Tagesevangelium

Tagesevangelium vom 08. März 2026

Evangelium Johannes 4, 5–15.19b–26.39a.40–42


In jener Zeit kam Jesus zu einer Stadt in Samárien, die Sychar hieß
und nahe bei dem Grundstück lag, das Jakob seinem Sohn Josef vermacht hatte.
Dort befand sich der Jakobsbrunnen.
Jesus war müde von der Reise und setzte sich daher an den Brunnen; es war um die sechste Stunde.
Da kam eine Frau aus Samárien, um Wasser zu schöpfen. Jesus sagte zu ihr: Gib mir zu trinken!
8Seine Jünger waren nämlich in die Stadt gegangen, um etwas zum Essen zu kaufen.
Die Samaríterin sagte zu ihm: Wie kannst du als Jude
mich, eine Samaríterin, um etwas zu trinken bitten?
Die Juden verkehren nämlich nicht mit den Samarítern.
Jesus antwortete ihr: Wenn du wüsstest, worin die Gabe Gottes besteht
und wer es ist, der zu dir sagt: Gib mir zu trinken!, dann hättest du ihn gebeten
und er hätte dir lebendiges Wasser gegeben.
Sie sagte zu ihm: Herr, du hast kein Schöpfgefäß
und der Brunnen ist tief; woher hast du also das lebendige Wasser?
Bist du etwa größer als unser Vater Jakob, der uns den Brunnen gegeben
und selbst daraus getrunken hat, wie seine Söhne und seine Herden?
Jesus antwortete ihr: Wer von diesem Wasser trinkt, wird wieder Durst bekommen;
wer aber von dem Wasser trinkt, das ich ihm geben werde, wird niemals mehr Durst haben;
vielmehr wird das Wasser, das ich ihm gebe, in ihm zu einer Quelle werden, deren Wasser ins ewige Leben fließt.
Da sagte die Frau zu ihm: Herr, gib mir dieses Wasser, damit ich keinen Durst mehr habe
und nicht mehr hierherkommen muss, um Wasser zu schöpfen! Herr, ich sehe, dass du ein Prophet bist.
Unsere Väter haben auf diesem Berg Gott angebetet; ihr aber sagt, in Jerusalem sei die Stätte, wo man anbeten muss.
Jesus sprach zu ihr: Glaube mir, Frau, die Stunde kommt, zu der ihr weder auf diesem Berg
noch in Jerusalem den Vater anbeten werdet. Ihr betet an, was ihr nicht kennt,
wir beten an, was wir kennen; denn das Heil kommt von den Juden.
Aber die Stunde kommt und sie ist schon da, zu der die wahren Beter den Vater anbeten werden
im Geist und in der Wahrheit; denn so will der Vater angebetet werden.
Gott ist Geist und alle, die ihn anbeten, müssen im Geist und in der Wahrheit anbeten.
Die Frau sagte zu ihm: Ich weiß, dass der Messias kommt, der Christus heißt.
Wenn er kommt, wird er uns alles verkünden.
Da sagte Jesus zu ihr: Ich bin es, der mit dir spricht.
Aus jener Stadt kamen viele Samaríter zum Glauben an Jesus.
Als die Samaríter zu ihm kamen, baten sie ihn, bei ihnen zu bleiben; und er blieb dort zwei Tage.
Und noch viel mehr Leute kamen zum Glauben an ihn aufgrund seiner eigenen Worte.
Und zu der Frau sagten sie: Nicht mehr aufgrund deiner Rede glauben wir,
denn wir haben selbst gehört und wissen: Er ist wirklich der Retter der Welt.

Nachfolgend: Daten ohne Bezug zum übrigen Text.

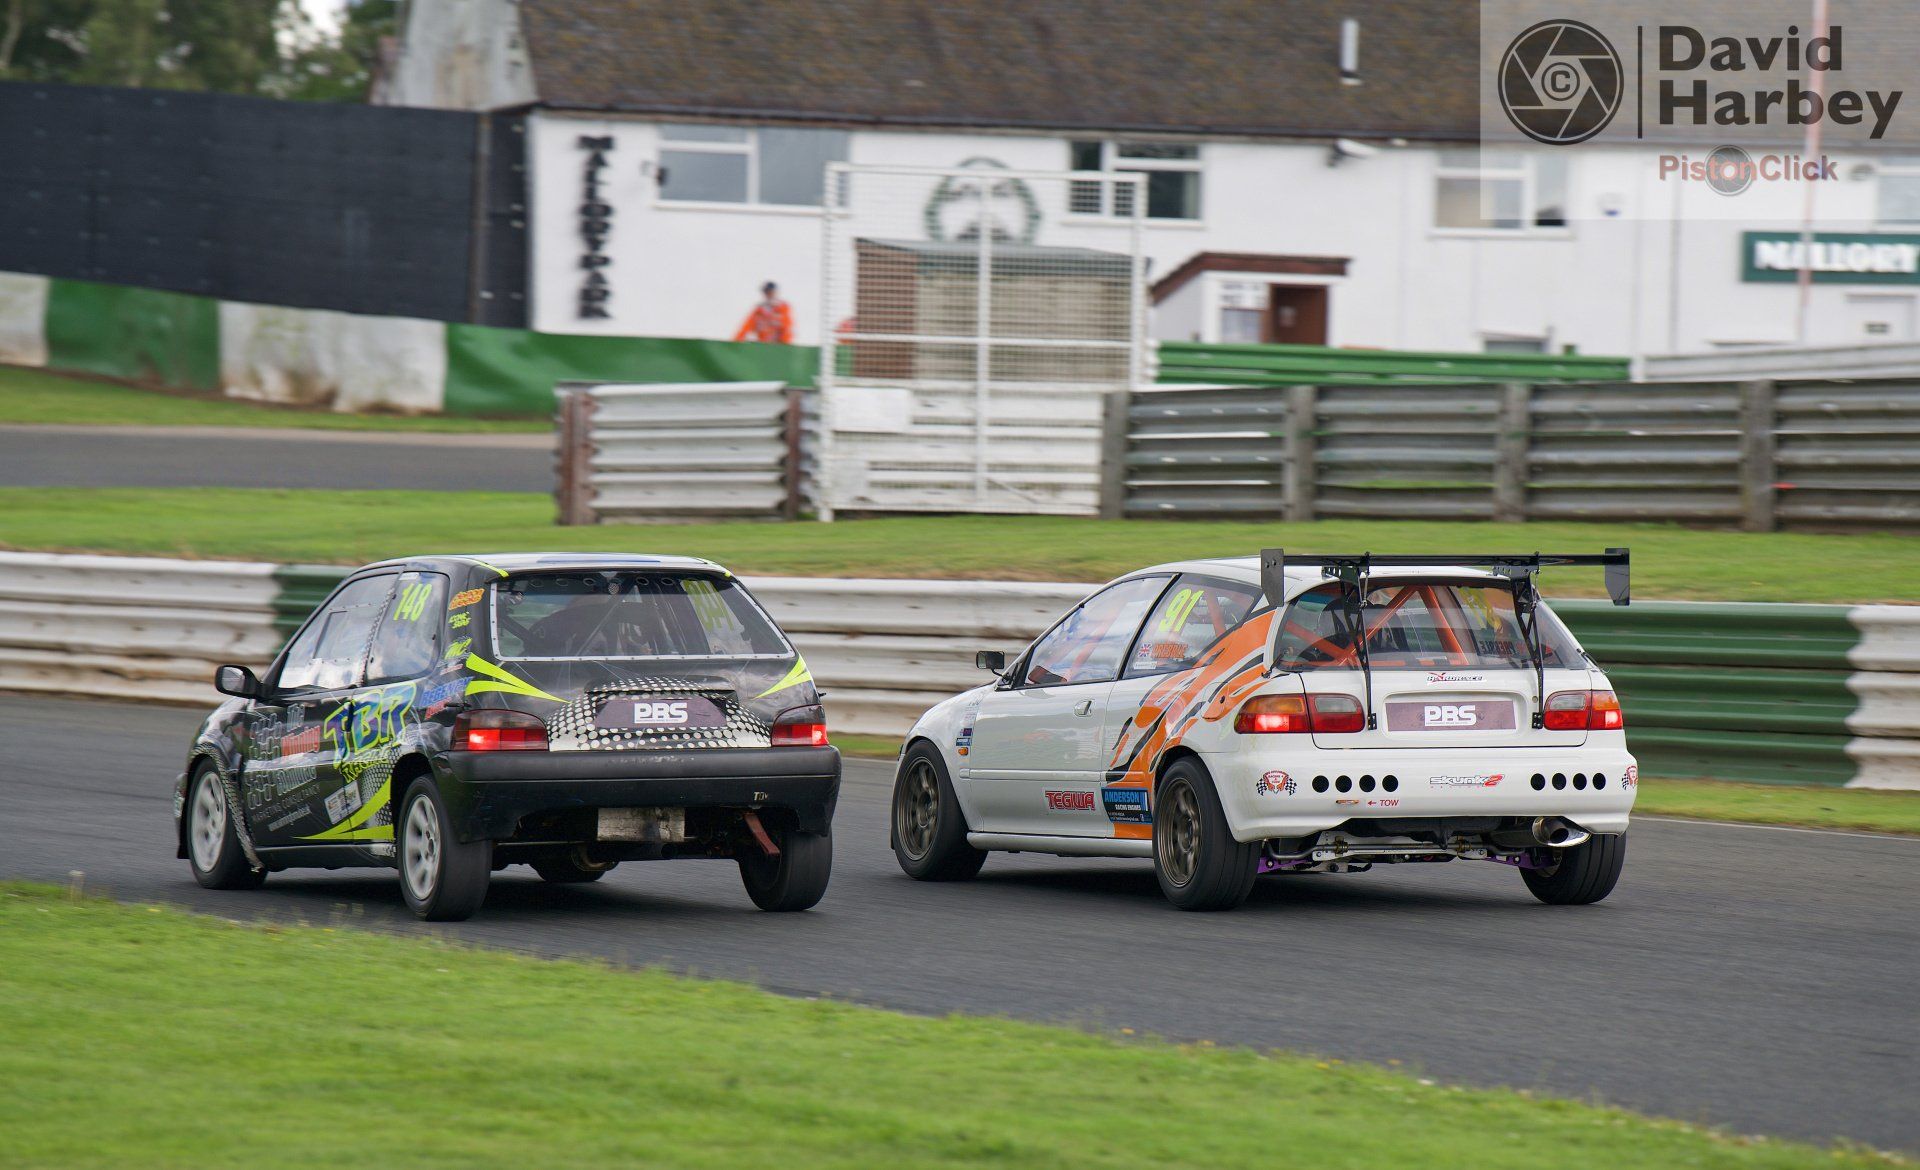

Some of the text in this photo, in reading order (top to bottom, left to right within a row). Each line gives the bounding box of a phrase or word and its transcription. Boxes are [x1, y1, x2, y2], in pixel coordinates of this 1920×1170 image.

[393, 583, 432, 621] 148
[1159, 589, 1204, 632] 91
[634, 703, 688, 723] PBS
[1425, 705, 1477, 726] PBS
[324, 682, 416, 769] TBR
[1045, 791, 1096, 811] TEGIWA
[1104, 791, 1140, 803] ANDERSON
[1379, 799, 1399, 807] TOW

…. Besinnliches zum heutigen Evangelium
Müde und durstig kommt Jesus zum Jakobsbrunnen. Und er verspricht „lebendiges Wasser“, zum Staunen der samaritischen Frau. „Der Brunnen ist tief“, tiefer noch, als die Frau denken konnte, Sinnbild einer ganz anderen Tiefe. Gott selbst, die Quelle und der Ursprung von allem, was lebt, ist die Kraft der Erneuerung für eine Welt, die staubig und müde geworden ist.

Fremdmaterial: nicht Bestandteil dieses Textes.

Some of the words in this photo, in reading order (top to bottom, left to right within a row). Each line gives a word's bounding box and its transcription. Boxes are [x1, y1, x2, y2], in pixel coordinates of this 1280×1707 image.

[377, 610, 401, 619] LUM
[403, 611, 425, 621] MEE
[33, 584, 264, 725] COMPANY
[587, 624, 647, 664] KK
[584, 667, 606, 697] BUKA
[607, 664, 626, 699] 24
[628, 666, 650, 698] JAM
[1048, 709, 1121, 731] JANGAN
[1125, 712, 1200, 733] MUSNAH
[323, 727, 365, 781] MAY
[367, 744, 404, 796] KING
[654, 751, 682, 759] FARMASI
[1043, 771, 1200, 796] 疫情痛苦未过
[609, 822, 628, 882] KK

„Ich bin es“, sagt Jesus auch zu uns. Seine Worte sind „Geist und Wahrheit“. Er wird für uns zur Quelle lebendigen Wassers. Wer sich ihm öffnet, erfährt eine neue Energie: die Kraft des Heiligen Geistes.

Lebe das, was du vom Evangelium verstanden hast.
Und wenn es noch so wenig ist. Aber lebe es.